This was a wonderful day and I am keyed up and exhausted at the same time. Gene and I have known for sometime that this walk was not going to be easy but we NEVER envisioned this scenario. We talked about end of life decisions at other times in our marriage because everybody ought to do so with the ones they love. We knew, we just knew that this walk with the melanoma was not going to be simple or easy or fun but we thought we would face it together. That we would talk and support each other and I assured him that he could die at home though I don't think I ever used those exact words. He helped me to care for my mom as she died in her home 20 years ago and again as my grandmother died in her home 15 years ago so he knew that I knew what I was talking about. and I knew he would be happiest if he could be in our house. Where we lived and raised our family and loved one another. During radiation he cried several times that he just wanted to go home so when the brain surgery did not overcome his problems as the neuro surgeon thought it would and the oncologist realized that the bleeding in Gene's brain was becoming more and more profound we all agreed that to go home, where Gene wanted to be, was the decision we could all agree on.

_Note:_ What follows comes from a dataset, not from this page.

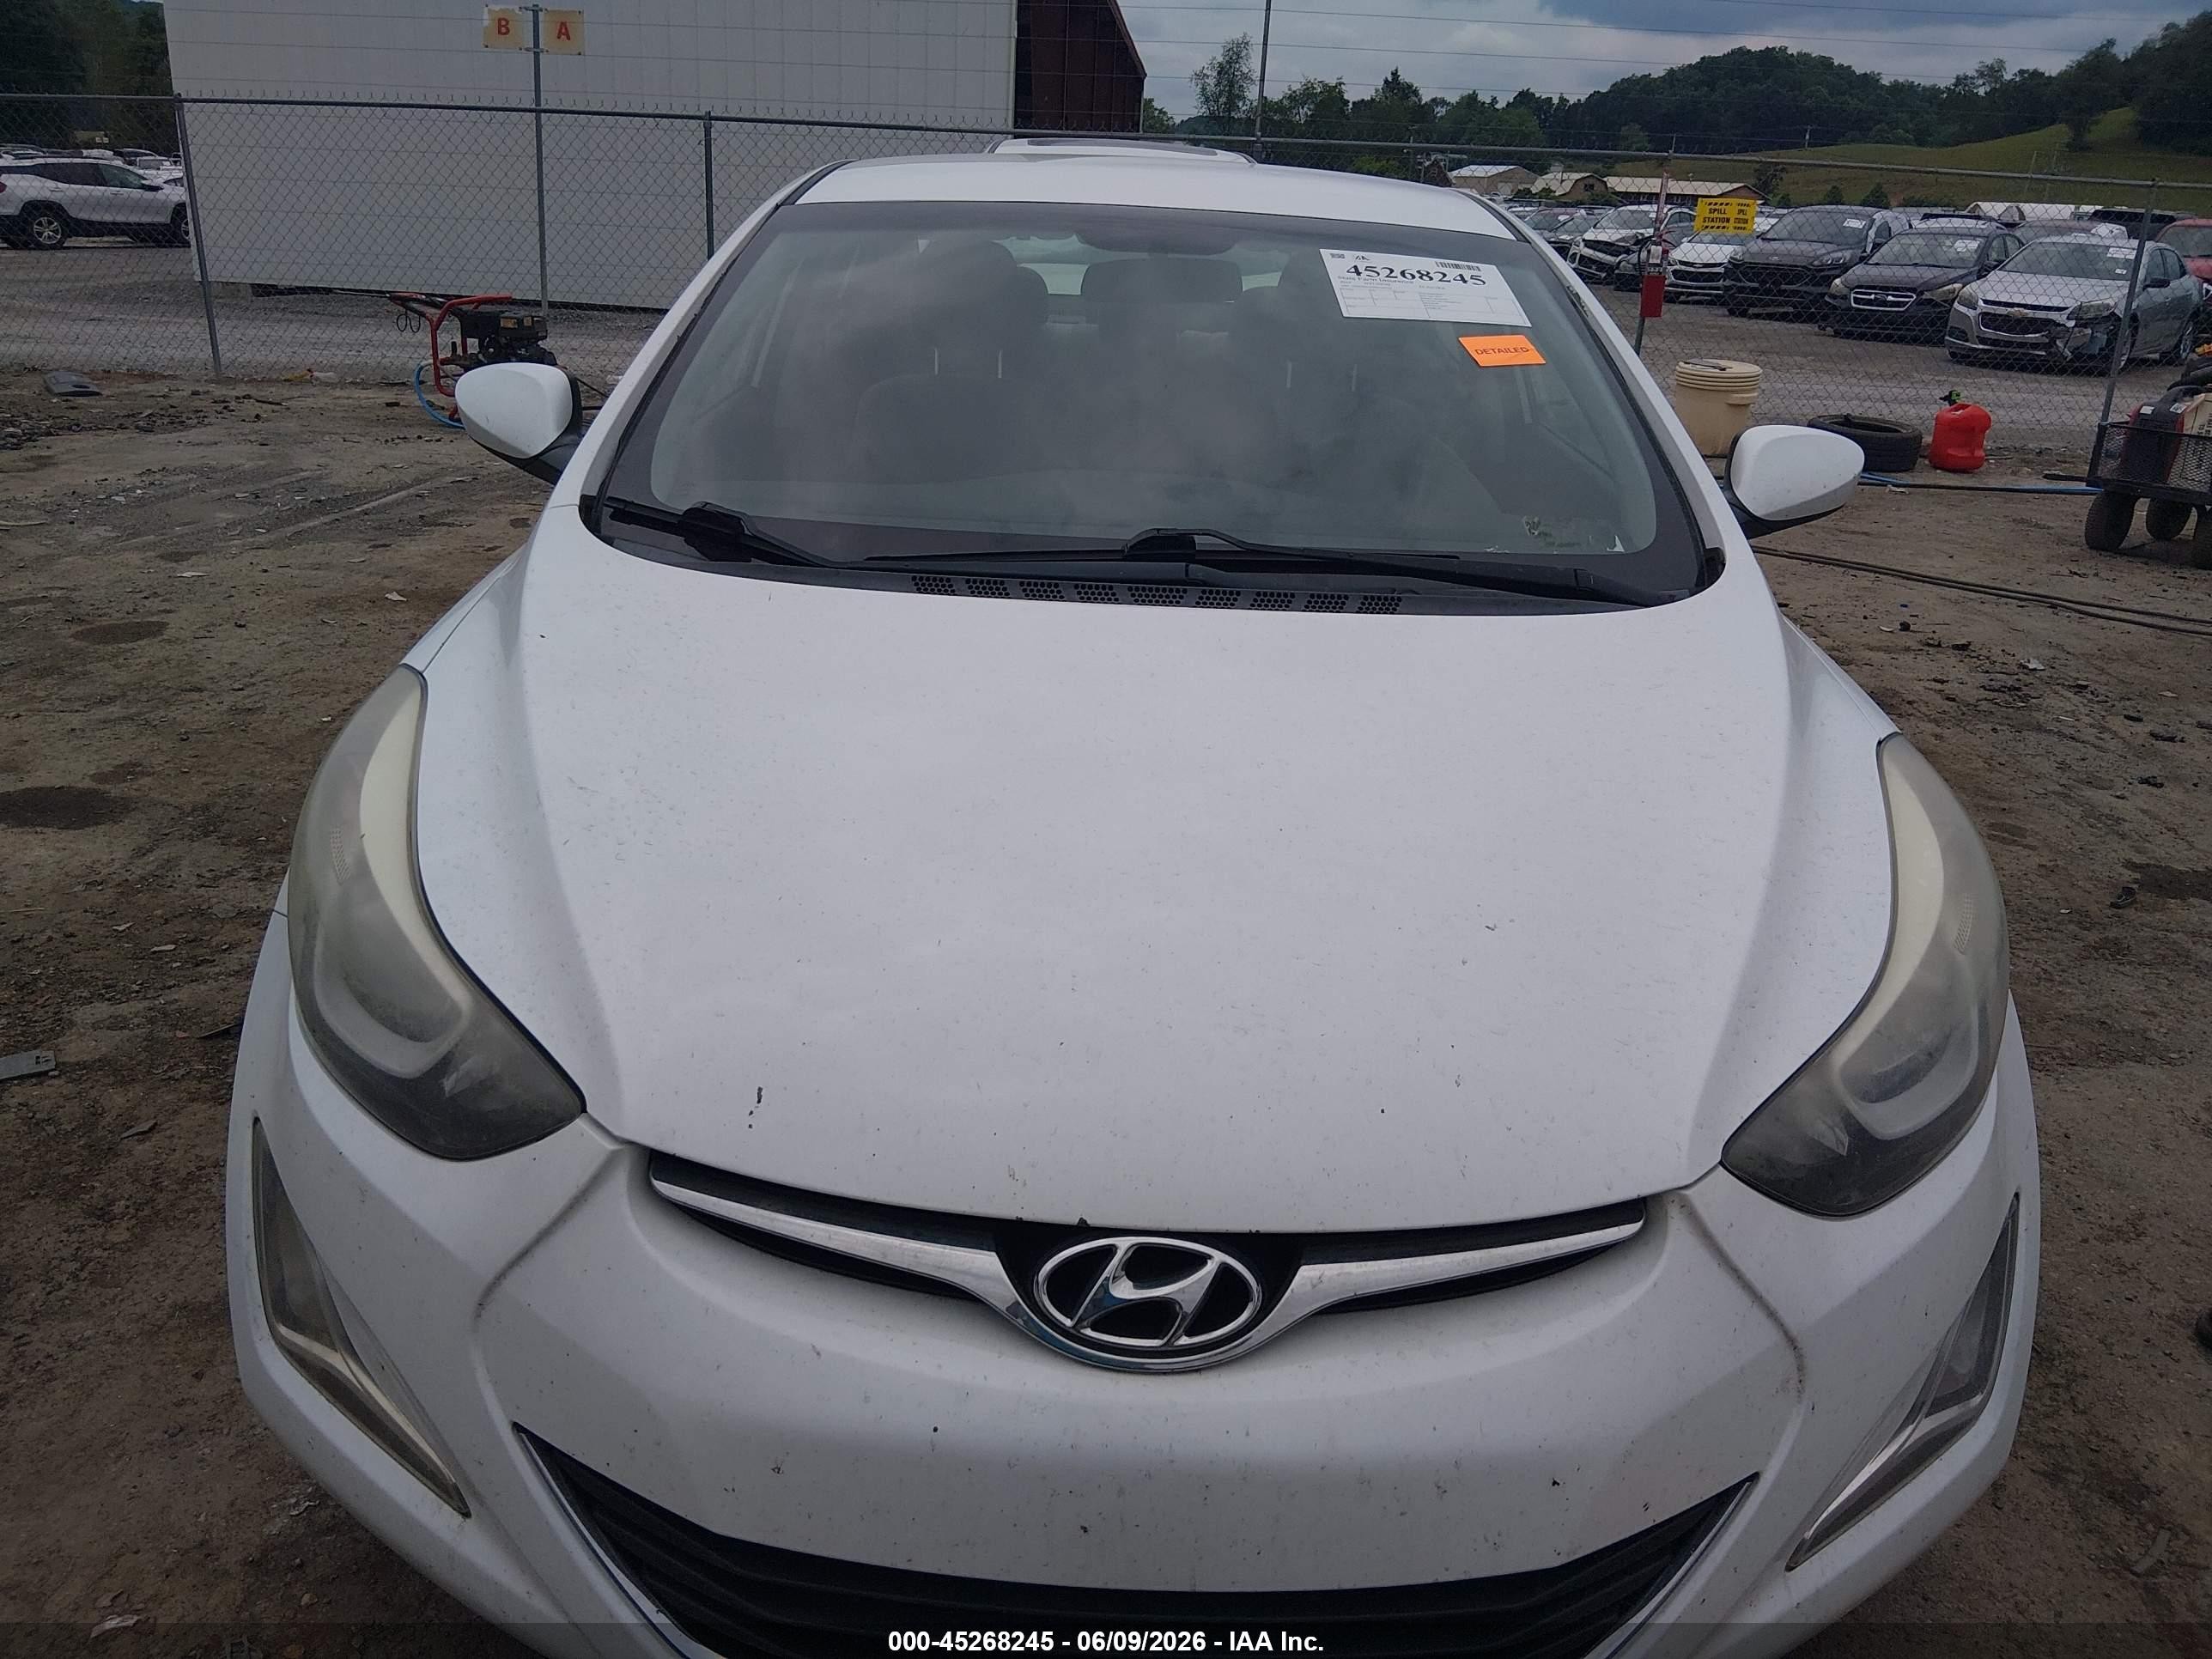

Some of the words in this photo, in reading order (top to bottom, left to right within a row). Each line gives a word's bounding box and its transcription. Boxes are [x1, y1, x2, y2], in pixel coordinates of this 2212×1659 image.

So today we took off all the accouterments of Neurological Critical Care. Off came the EKG sensors [and the chest hair!] Off came the IV's and accompanying tape that makes you sweat and itch. Off came the inflating leg wraps with their constant inflate -deflate noises. Out will come the scalp staples [in a few more days] Out came the big tube running to his stomach and in went a little tiny tube to offer his body comforting water, food and medications. Off came the restraint to hold his working hand to the bed, in came the mitten to protect him from pulling tubes out [Just the catheter and the feeding tube remain] Out went the high doses of salt and in came the pain meds and home we came.
Once settled he seemed to sleep for 4 hours! Though it is hard to tell sleep from rest he looks so much more comfortable in his NRA tee shirt and tomorrow we hope to find his favorite ball cap, that of honorably discharged AirForce veteran.

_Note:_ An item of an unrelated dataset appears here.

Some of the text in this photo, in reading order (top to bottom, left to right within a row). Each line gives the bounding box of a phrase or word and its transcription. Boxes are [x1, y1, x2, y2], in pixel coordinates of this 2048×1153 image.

Tomorrow holds legal paperwork and meeting the hospice team. Tonight holds naps and turning Gene every few hours. Tonight the prayer warriors and family arrived --what more could a man desire than to be surrounded by people who love him and the saints of the Lord to lift him up and to care for his family?
I am thankful for this day and yet so deeply deeply sad.
5 comments:
Isaiah 40:31
You all are ... as always... in our hearts and prayers.
" Come to Me, all you who are weary and burdened, and I will give you rest.
Matthew 11: 28
You don't know me but I found your blog through my cousin and I have been reading and praying ever since.
In so many ways ya'll are like us, our 25th anniversary is in a couple of weeks so we have been married about the same amount of time; like Gene, I keep everything forever; like Gene, I don't like a lot of attention and I love love love to be at home.
I brought my mother home to die 3.5 years ago..... these are holy hours and days left, but you know that. The Lord is so very present in all you write.... you and Gene are near and dear to his heart and he will walk with you to the end....Gene's entrance into glory. I am praying for you often as you hang on my heart. I'm thankful with you that you are home and surrounded by love.
Lee
" ... I am in a manner imprisoned and grievously fettered till Thou refresh me with the light of Thy presence. And then? But who can tell it? Who can tell what Thou art, O Lord? Who can tell what Thou doest? Who can show to another what Thy large grace can be?"
Dear Joanie ...
Those words were written by Amy Carmichael many, many years ago while she was confined to her bed for the last eighteen years of her life. She wrote a book called "Rose From Brier", written for the sick from the sick. "Who can tell what Thou art, O God?" We don't know the depths of those words until we are faced with things such as you are facing. The commenter, Lee, spoke of these days as holy days. How very true. "Who can show to another what Thy large grace can be? You are giving us glimpses of that Large Grace. And it makes us so thankful because it once again shows us Who He Is.
Amy also wrote " ... I knew something that morning of what it will be when He shall look us out of pain." Just a look. Out of pain. That is Who He Is.
Many hearts are holding you and your family during these sad yet holy days. May the preciousness of Who He Is envelop you.
Tenderly,
Frances
Dear Adkins Family,
You will surely know the Father in an intimate, unique way during this time, as is already evident in what you've written. We care for you all and are lifting you up in prayer. May He hold you tenderly and reveal His wondrous love.